Action item ->
After locating the line with "this 2560×1440 image.", reproduce it and all following lines of the listing below exactly, stopping only at the final line.
◇ ◇ ◇
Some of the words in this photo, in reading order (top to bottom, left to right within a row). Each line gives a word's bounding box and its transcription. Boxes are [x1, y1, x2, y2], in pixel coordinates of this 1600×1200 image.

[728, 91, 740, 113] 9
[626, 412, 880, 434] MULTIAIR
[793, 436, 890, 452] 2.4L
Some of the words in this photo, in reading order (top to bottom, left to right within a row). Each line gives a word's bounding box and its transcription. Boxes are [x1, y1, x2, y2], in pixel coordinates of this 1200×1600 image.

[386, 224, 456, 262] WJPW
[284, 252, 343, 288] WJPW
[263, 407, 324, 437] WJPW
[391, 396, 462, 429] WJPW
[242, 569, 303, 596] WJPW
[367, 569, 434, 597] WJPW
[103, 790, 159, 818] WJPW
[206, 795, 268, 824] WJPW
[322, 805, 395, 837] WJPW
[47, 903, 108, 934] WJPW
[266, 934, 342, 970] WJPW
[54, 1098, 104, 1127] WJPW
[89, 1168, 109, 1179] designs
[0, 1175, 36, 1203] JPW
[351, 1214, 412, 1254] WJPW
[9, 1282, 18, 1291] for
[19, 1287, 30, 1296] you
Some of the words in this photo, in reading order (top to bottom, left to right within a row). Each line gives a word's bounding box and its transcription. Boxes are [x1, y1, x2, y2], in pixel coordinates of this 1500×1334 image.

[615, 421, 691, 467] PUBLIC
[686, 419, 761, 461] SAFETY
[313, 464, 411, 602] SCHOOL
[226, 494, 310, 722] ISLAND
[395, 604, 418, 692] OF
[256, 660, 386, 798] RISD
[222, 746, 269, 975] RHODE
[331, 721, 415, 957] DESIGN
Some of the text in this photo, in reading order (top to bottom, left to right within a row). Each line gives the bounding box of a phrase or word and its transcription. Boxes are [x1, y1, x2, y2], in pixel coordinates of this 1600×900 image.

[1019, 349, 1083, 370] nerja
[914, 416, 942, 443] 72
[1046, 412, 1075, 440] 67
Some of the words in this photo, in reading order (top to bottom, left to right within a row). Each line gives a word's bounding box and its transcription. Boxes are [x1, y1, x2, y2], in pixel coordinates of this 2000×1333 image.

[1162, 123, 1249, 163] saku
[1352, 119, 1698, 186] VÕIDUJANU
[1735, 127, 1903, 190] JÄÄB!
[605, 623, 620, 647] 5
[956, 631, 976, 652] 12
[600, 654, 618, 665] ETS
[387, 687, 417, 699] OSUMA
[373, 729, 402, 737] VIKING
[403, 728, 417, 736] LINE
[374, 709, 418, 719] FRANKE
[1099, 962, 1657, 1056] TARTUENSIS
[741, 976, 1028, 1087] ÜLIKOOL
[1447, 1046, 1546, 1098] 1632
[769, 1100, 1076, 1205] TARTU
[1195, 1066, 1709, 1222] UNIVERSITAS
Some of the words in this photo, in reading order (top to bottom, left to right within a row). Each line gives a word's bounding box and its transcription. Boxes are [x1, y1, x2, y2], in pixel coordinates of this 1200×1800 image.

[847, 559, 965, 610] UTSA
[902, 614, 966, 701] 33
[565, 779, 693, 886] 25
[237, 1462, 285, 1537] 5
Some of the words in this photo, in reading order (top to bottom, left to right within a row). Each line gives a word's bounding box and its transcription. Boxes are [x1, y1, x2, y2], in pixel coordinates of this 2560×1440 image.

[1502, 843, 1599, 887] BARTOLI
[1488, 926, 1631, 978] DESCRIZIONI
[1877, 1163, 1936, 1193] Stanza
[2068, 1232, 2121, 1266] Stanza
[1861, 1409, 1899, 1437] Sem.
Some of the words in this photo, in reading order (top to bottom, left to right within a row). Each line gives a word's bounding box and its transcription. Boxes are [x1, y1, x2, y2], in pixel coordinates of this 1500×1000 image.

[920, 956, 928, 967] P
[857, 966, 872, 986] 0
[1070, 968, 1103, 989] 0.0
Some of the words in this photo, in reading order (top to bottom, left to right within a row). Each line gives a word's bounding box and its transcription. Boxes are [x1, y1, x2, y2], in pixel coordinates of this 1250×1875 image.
◇ ◇ ◇
Answer to the problem ->
Some of the words in this photo, in reading order (top to bottom, left to right within a row). Each line gives a word's bounding box and its transcription. Boxes are [x1, y1, x2, y2], in pixel coordinates of this 2560×1440 image.

[1502, 843, 1599, 887] BARTOLI
[1488, 926, 1631, 978] DESCRIZIONI
[1877, 1163, 1936, 1193] Stanza
[2068, 1232, 2121, 1266] Stanza
[1861, 1409, 1899, 1437] Sem.
Some of the words in this photo, in reading order (top to bottom, left to right within a row). Each line gives a word's bounding box and its transcription. Boxes are [x1, y1, x2, y2], in pixel coordinates of this 1500×1000 image.

[920, 956, 928, 967] P
[857, 966, 872, 986] 0
[1070, 968, 1103, 989] 0.0
Some of the words in this photo, in reading order (top to bottom, left to right within a row). Each line gives a word's bounding box and its transcription. Boxes are [x1, y1, x2, y2], in pixel coordinates of this 1250×1875 image.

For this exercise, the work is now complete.